Heppenheim. Rund um den Brunnen auf dem Heppenheimer Marktplatz sind Leitkegel aufgestellt. In den angrenzenden Straßen stehen Ordner mit Warnwesten und Sonnenbrillen. Mit verschränkten Armen beobachten sie das Geschehen. Vor der Villa am Markt sitzen zwei Männer mit großen Kopfhörern auf den Ohren. Einer der beiden sitzt vor einem Mischpult und starrt auf zwei kleine Bildschirme. Dahinter zwei Kinder. „Und aus, wir machen es noch mal“, ruft ein ganz in Schwarz gekleideter Mann mit Headset.

Noch mal wird hier eine Szene für „Lucy ist jetzt Gangster“ gedreht. Seit Mitte April laufen die Dreharbeiten für den Kinderfilm unter anderem in und um Heppenheim. Das junge Mädchen Lucy ist eine brave Frohnatur und will die Welt ein Stück besser machen. Neben der Schule arbeitet sie in der Eisdiele ihrer Eltern. Doch eines Tages geht die Eismaschine kaputt und es droht die Schließung. Um zu helfen, will Lucy eine Bank überfallen. Dafür nimmt sie Nachhilfe im Bösesein bei Klassen-Gangster Tristan.

Dreh in „märchenhafter“ Kulisse

Und wie man so richtig böse wird, dass man sogar eine Bank überfallen kann, das lernt Lucy in Heppenheim.

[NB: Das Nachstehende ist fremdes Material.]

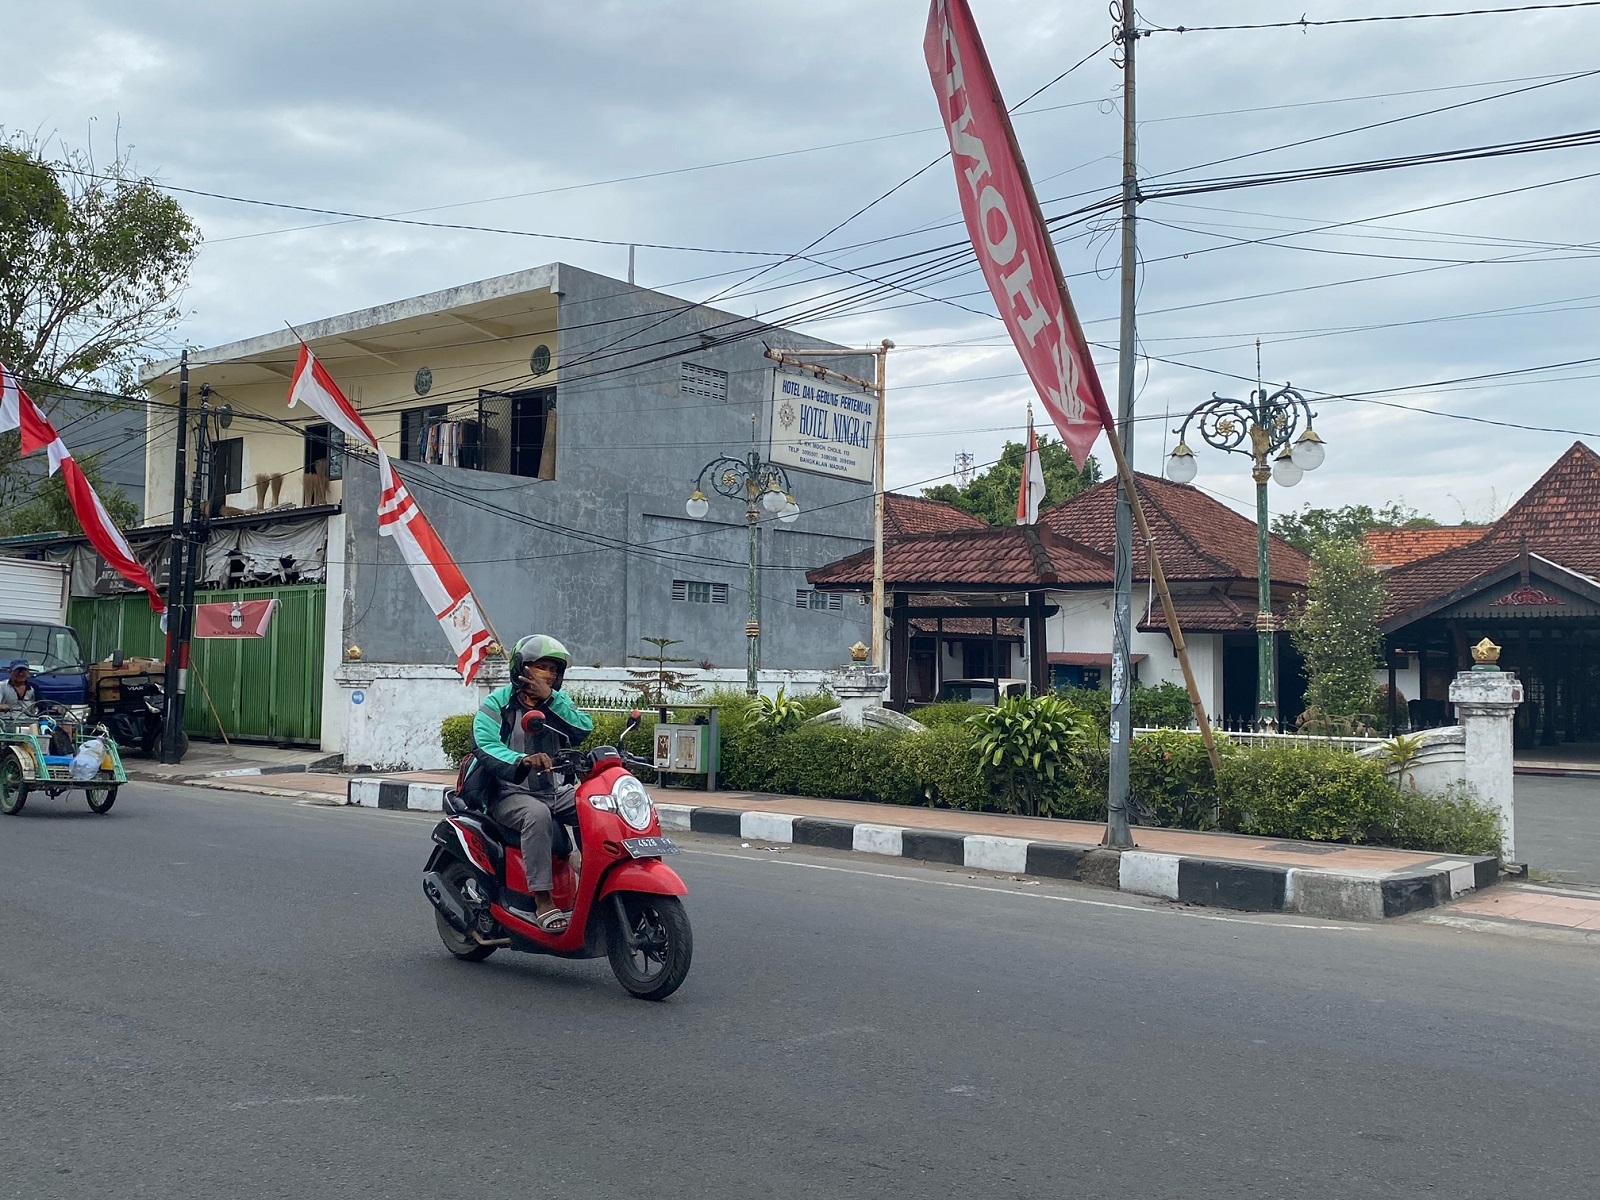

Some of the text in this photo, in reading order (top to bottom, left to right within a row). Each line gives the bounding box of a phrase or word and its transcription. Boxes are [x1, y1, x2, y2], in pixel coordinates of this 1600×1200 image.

[782, 380, 872, 416] HOTEL DAN GEDUNG PERTEMUAN
[799, 404, 829, 440] HOTEL
[832, 412, 872, 449] NINGRAT
[799, 456, 847, 472] BANGKALAN MADURA
[624, 841, 634, 849] L
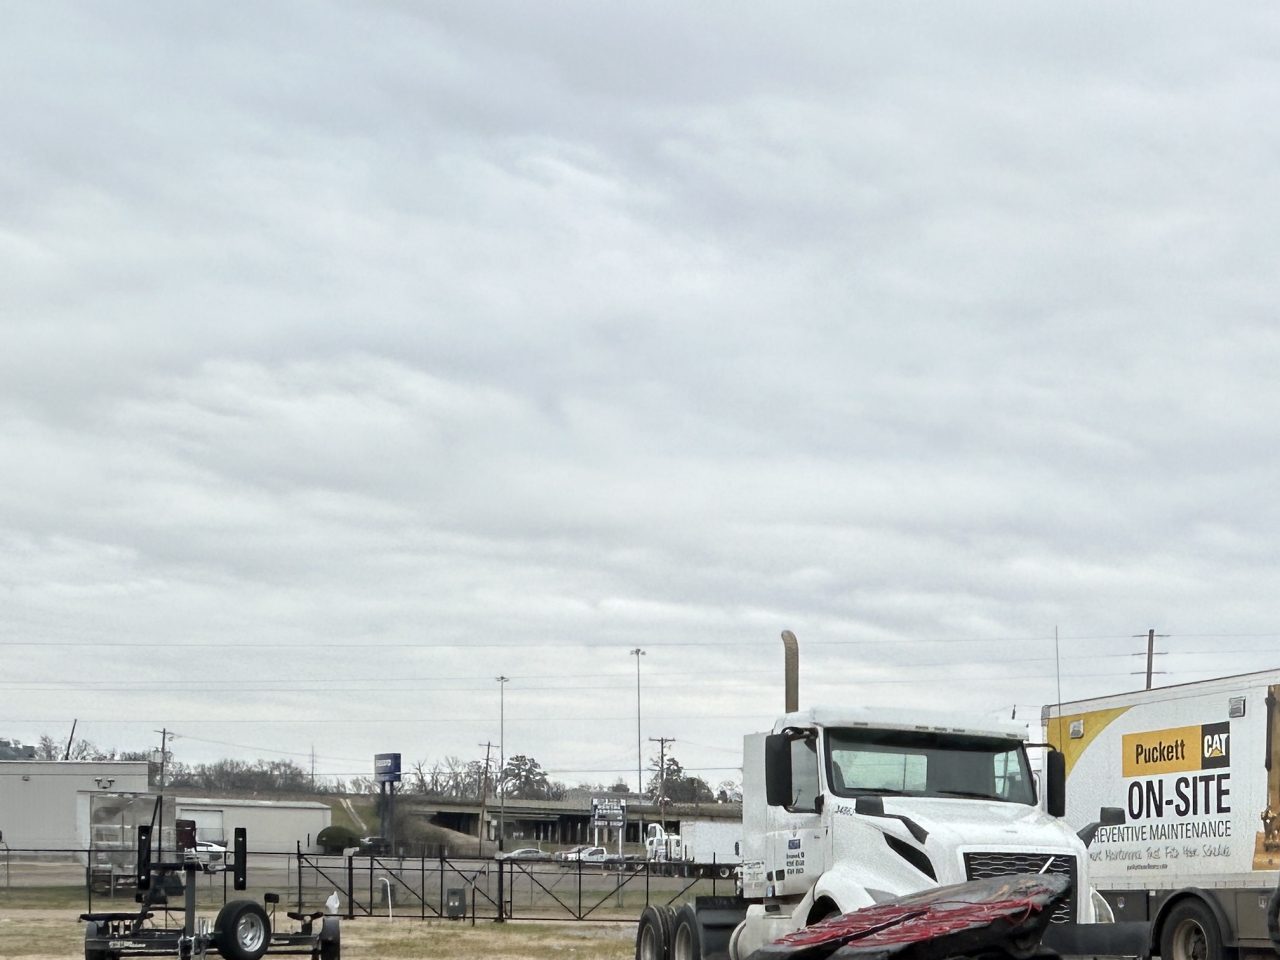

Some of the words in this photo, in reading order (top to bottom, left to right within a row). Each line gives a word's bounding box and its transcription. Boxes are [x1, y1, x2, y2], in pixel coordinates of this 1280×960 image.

[1135, 739, 1186, 765] Puckett
[1203, 733, 1230, 758] CAT
[1128, 773, 1231, 820] ON-SITE
[1093, 825, 1148, 843] REVENTIVE
[1149, 820, 1232, 841] MAINTENANCE

Mit ihren kleinen Gassen, den gepflegten Fachwerkhäusern und den Blumen in den Fensterkästen eignet sich die Stadt perfekt für den Film, erzählt Produzent Arek Gielnik. „Wir suchten eine märchenhafte Welt für Lucy, dem besten Mädchen der Welt.“ In Heppenheim seien sie fündig geworden. Landrat Christian Engelhardt, der sich ebenfalls die Dreharbeiten anschaut, stellt klar, mit dem Kreis Bergstraße hätten die Filmproduzenten die schönste Region Deutschlands erwischt. „Das sagen alle Landräte, aber hier stimmt’s“, sagt Engelhardt und lacht. Nicht immer stehen nur die Hauptdarsteller vor der Kamera. Kurz vor der Mittagspause heißt es für Lucy, die von den Zwillingen Valerie und Violetta Arnemann gespielt wird, und Tristan erst mal: abwarten. Der Dreh geht ohne sie in der an den Marktplatz angrenzenden Schunkengasse weiter. „Achtung, wir drehen“, ruft der schwarz gekleidete Mann wieder über den Platz.

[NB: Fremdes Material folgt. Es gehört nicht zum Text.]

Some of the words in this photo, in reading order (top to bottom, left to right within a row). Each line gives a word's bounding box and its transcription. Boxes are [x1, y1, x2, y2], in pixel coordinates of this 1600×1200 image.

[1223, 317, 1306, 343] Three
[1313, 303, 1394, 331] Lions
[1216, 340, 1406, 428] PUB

Vor der Villa am Markt stehen Tische mit Getränken, Obst und Desinfektionsmittel. Davor sitzen der Bösewicht Tristan, gespielt von Brooklyn Liebig, und eine der Lucys in Campingstühlen. Je länger das Warten dauert, desto unruhiger wird Lucy. Mit einer leeren Wasserflasche in der Hand steht sie auf und spielt mit ihr. Sie wirft sie hoch, die Flasche dreht sich und fällt zu Boden.

Am Rande des Marktplatzes beobachten Passanten das Geschehen. Auch Bürgermeister Rainer Burelbach schaut sich das Filmset an. Für die Dreharbeiten sind Parkplätze zeitweise gesperrt und für die Bewohner am Marktplatz entstehen kleinere Unannehmlichkeiten. Beschwert habe sich aber bisher niemand, sagt Burelbach.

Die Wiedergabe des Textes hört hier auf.